SALISBURY — The weekend of May 24-25 at Rowan County Fairgrounds was meant to be two days of magic, performances, exhibits and activities under the umbrella of the name Neverland North Carolina.

Organized by a group called Become the Change Promotions, it was pulled together by Lonnie Brick and his partner, Angela Reynolds. The two worked for nearly a year to gather performers large and small, from large pirate and knight productions to singers and bands, vendors with unique crafts, food trucks, a petting zoo, wrestlers, even an inflatable kid zone.
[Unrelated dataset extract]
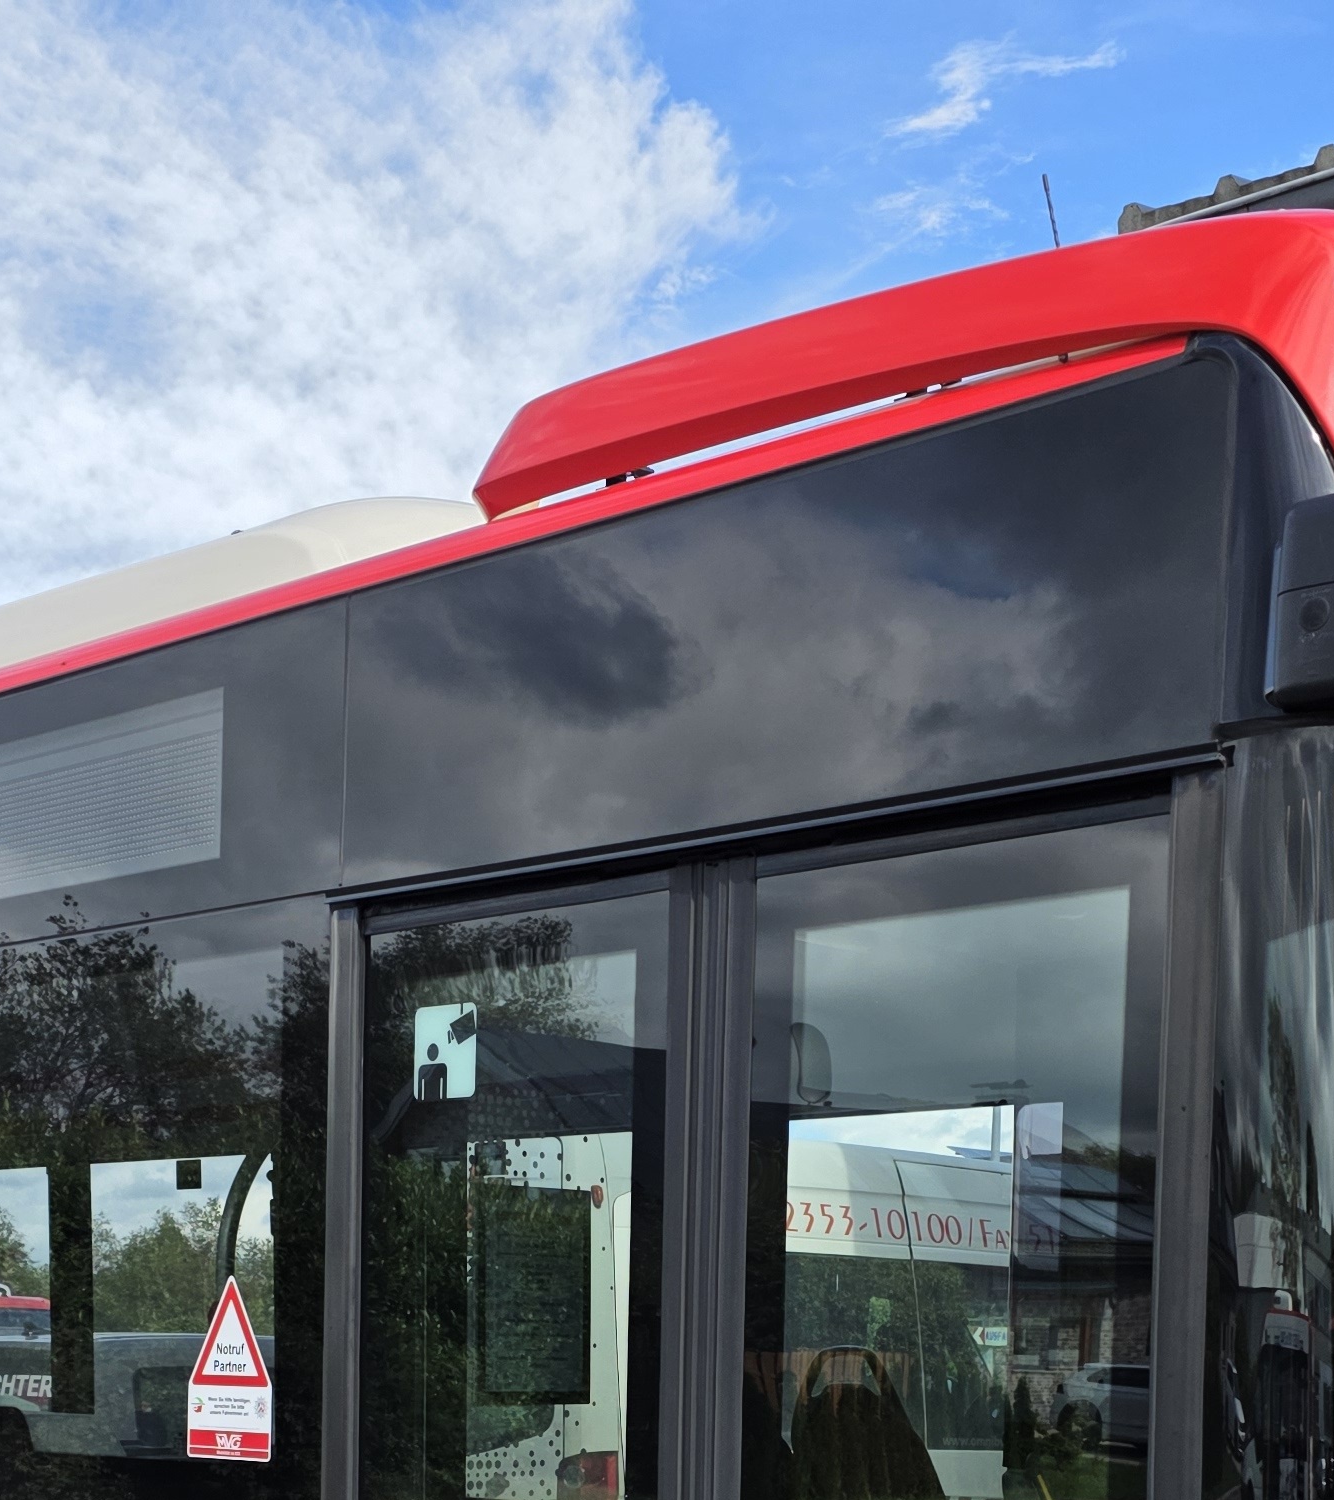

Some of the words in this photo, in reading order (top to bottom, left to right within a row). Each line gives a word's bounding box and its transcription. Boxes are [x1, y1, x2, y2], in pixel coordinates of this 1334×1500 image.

It should have been the event of the weekend in the area.

However, it was also graduation weekend for all area high schools, and was not promoted perhaps quite as much as it could have been, according to participants.

During the first day, say a number of those who participated, concern started to grow about getting paid for participation in the event.

Although a number of them were unwilling to put their names on the record, because they are in fact still working to get paid, some did share their experiences.

“Mr. Brick approached me at a festival in Lincolnton, N.C., asking me to be involved in the event,” said Henry Blackwell, the owner of Underground Carolina Wrestling LLC. “In May, after talking on the phone on multiple occasions, we agreed that I wold do the event for $500 per day, as well as providing everyone who participated in the wrestling would get food and drink vouchers. I held up my end of the agreement for Saturday, when I was told to expect 35,000 attendees, only to find out we had 10.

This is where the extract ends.